¹ Departamento de Química, Facultad de Ciencias, Universidad de Chile Casilla 653 Santiago Chile hagua@uchile.cl.
² Facultad de Ingeniería, Universidad Finis Terrae Av. Pedro de Valdivia 1509, Providencia Santiago Chile lceron@uft.cl.
³ Departamento de Ciencias Químicas, Facultad de Ciencias Exactas, Universidad Andrés Bello Avenida República 275 Santiago Chile sebastian.miranda@unab.cl.

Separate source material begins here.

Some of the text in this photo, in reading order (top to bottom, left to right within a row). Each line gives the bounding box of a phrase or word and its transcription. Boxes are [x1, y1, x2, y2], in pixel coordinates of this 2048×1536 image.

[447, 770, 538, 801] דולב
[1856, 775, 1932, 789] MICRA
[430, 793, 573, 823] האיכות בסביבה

⁴ Universidad Andrés Bello, Centro de Química Teórica & Computacional (CQT&C), Facultad de Ciencias Exactas, Departamento de Ciencias Químicas Avenida República 275 8370146 Santiago de Chile Chile.

Abstract

The electronic structure, spectroscopic properties, and solid state chemistry of monomer and dimers of [AuPh(CNPh)] complex were studied at post-Hartree-Fock (MP2, SCS-MP2, and CC2) and density functional theory levels. The absorption spectra of these complexes were calculated using single excitation time-dependent (TD) methods at DFT, CC2, and SCS-CC2 levels. The influences of the bulk are accounted for at the PBE-D3 level, incorporating dispersion effects. The calculated values agree with the experimental range, where absorption and emission energies reproduce experimental trends with large Stokes shifts. The aurophilic interaction is identified as a key factor influencing the spectroscopic and structural properties of these complexes. The intermetallic interactions were found as the main factor responsible for MMCT electronic transitions in the models studied.